TASK PROMPT: Output each record below exactly, leaving any picture out of the copy.
── DATA IN THIS EXERCISE
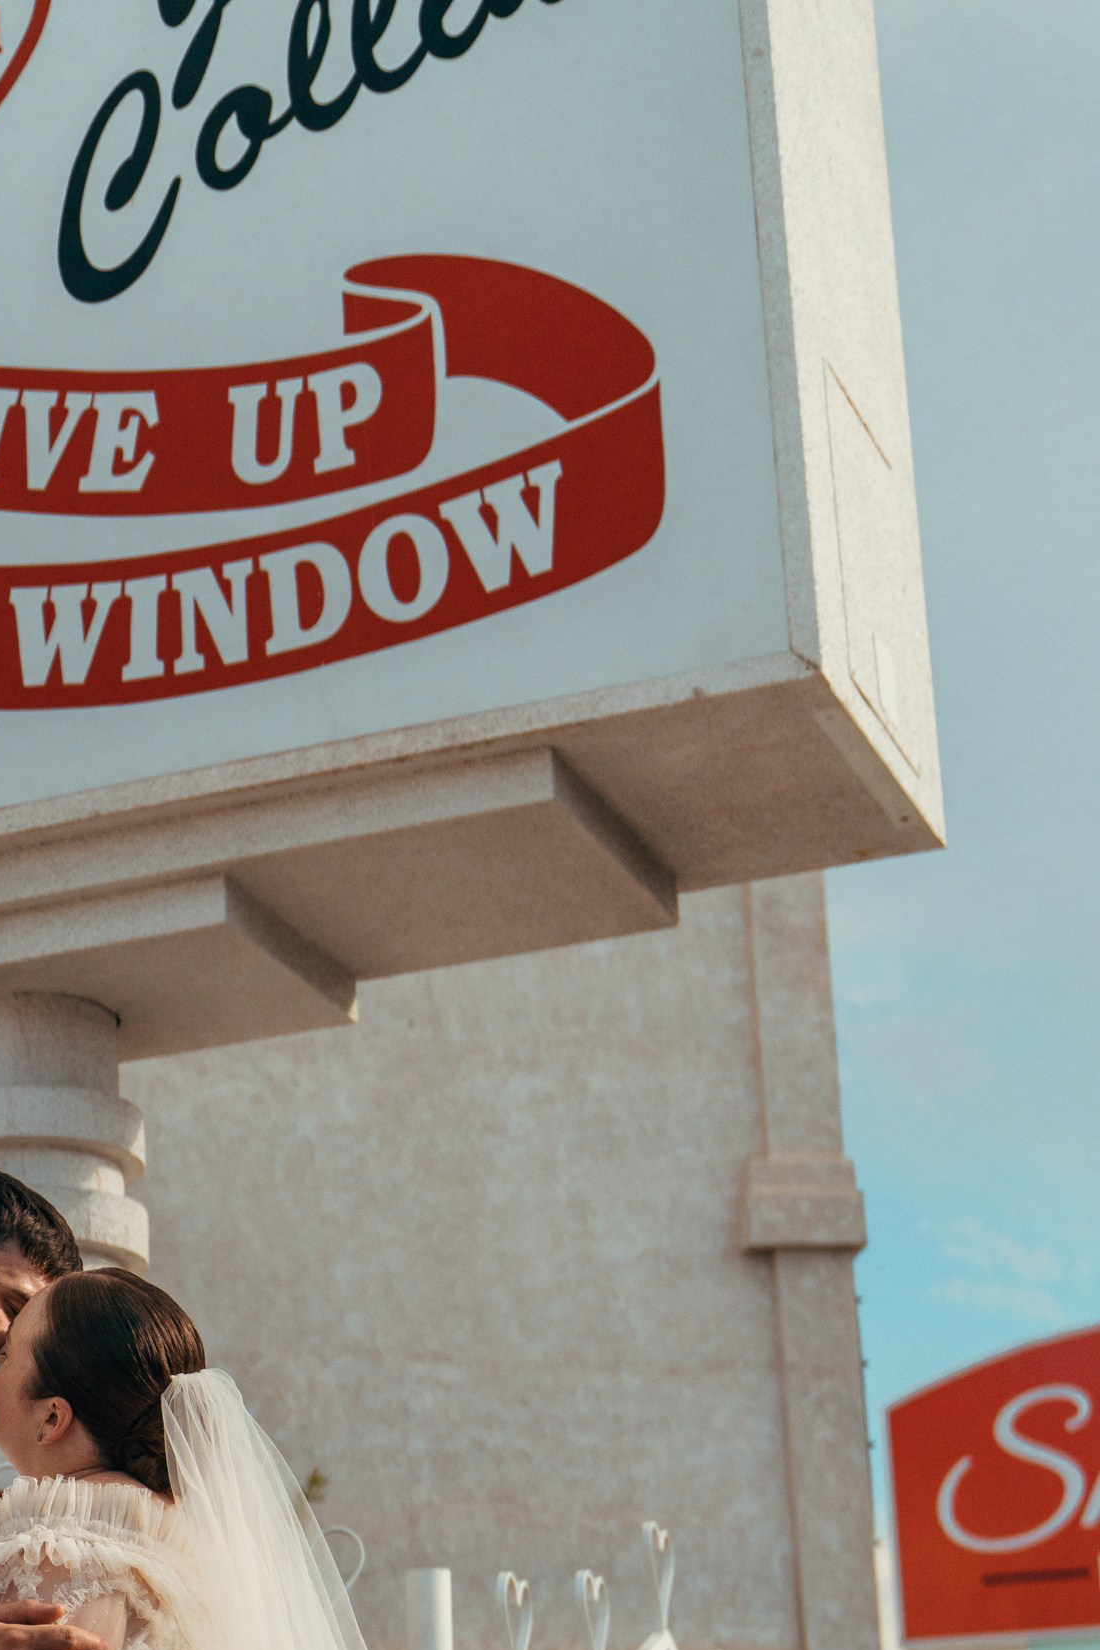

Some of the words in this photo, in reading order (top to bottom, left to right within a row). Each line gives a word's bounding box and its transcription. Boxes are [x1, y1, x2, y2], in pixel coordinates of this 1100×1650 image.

[58, 0, 564, 303] Coll
[228, 361, 383, 485] UP
[8, 459, 563, 687] WINDOW
[936, 1383, 1100, 1554] S
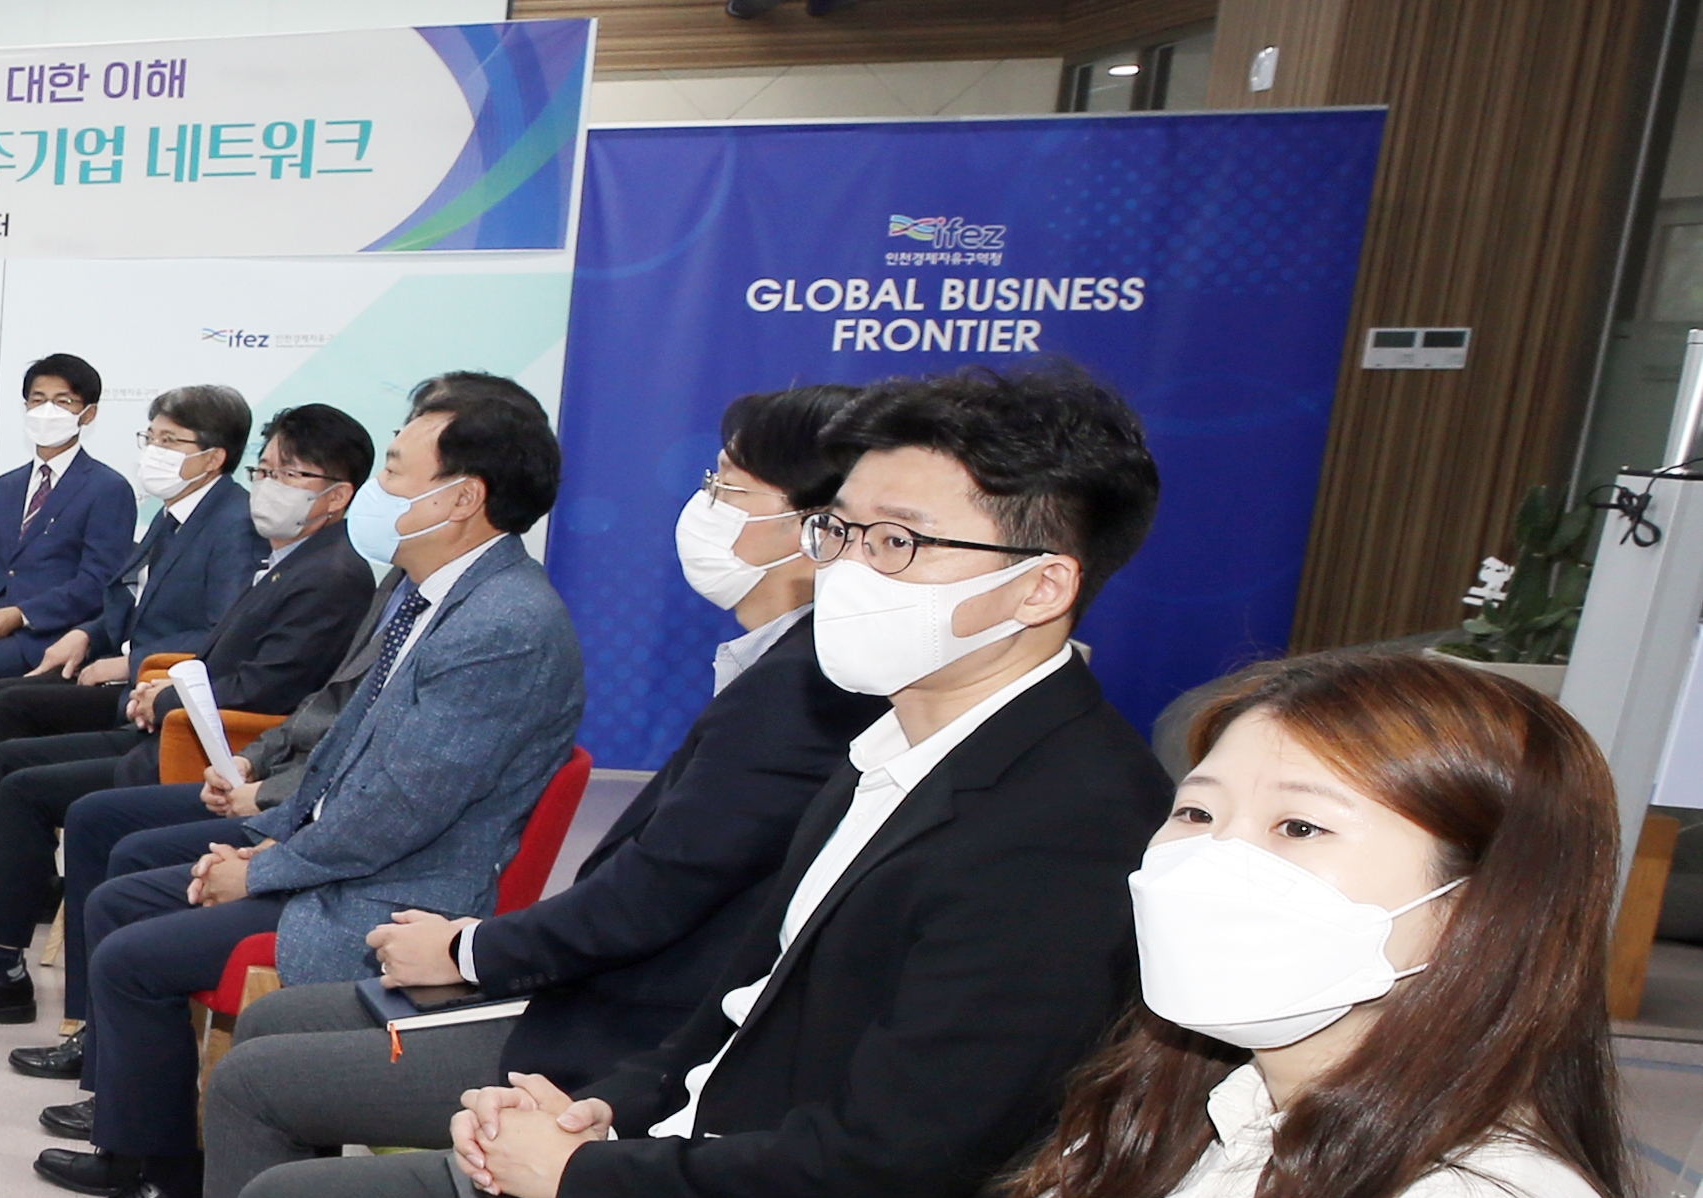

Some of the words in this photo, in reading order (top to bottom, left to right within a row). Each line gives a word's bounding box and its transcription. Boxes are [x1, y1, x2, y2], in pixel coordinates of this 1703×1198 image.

[6, 61, 90, 104] 대한
[102, 57, 187, 101] 이해
[145, 118, 375, 184] 네트워크
[933, 216, 1007, 250] ifez
[885, 251, 1003, 267] 인천경제자유구역청
[745, 278, 925, 312] GLOBAL
[939, 277, 1146, 312] BUSINESS
[228, 329, 270, 348] ifez
[831, 318, 1043, 353] FRONTIER
────
EXPECTED OUTPUT:
Some of the words in this photo, in reading order (top to bottom, left to right within a row). Each line gives a word's bounding box and its transcription. Boxes are [x1, y1, x2, y2], in pixel coordinates of this 1100×1650 image.

[58, 0, 564, 303] Coll
[228, 361, 383, 485] UP
[8, 459, 563, 687] WINDOW
[936, 1383, 1100, 1554] S

Some of the words in this photo, in reading order (top to bottom, left to right within a row). Each line gives a word's bounding box and its transcription. Boxes are [x1, y1, x2, y2], in pixel coordinates of this 1703×1198 image.

[6, 61, 90, 104] 대한
[102, 57, 187, 101] 이해
[145, 118, 375, 184] 네트워크
[933, 216, 1007, 250] ifez
[885, 251, 1003, 267] 인천경제자유구역청
[745, 278, 925, 312] GLOBAL
[939, 277, 1146, 312] BUSINESS
[228, 329, 270, 348] ifez
[831, 318, 1043, 353] FRONTIER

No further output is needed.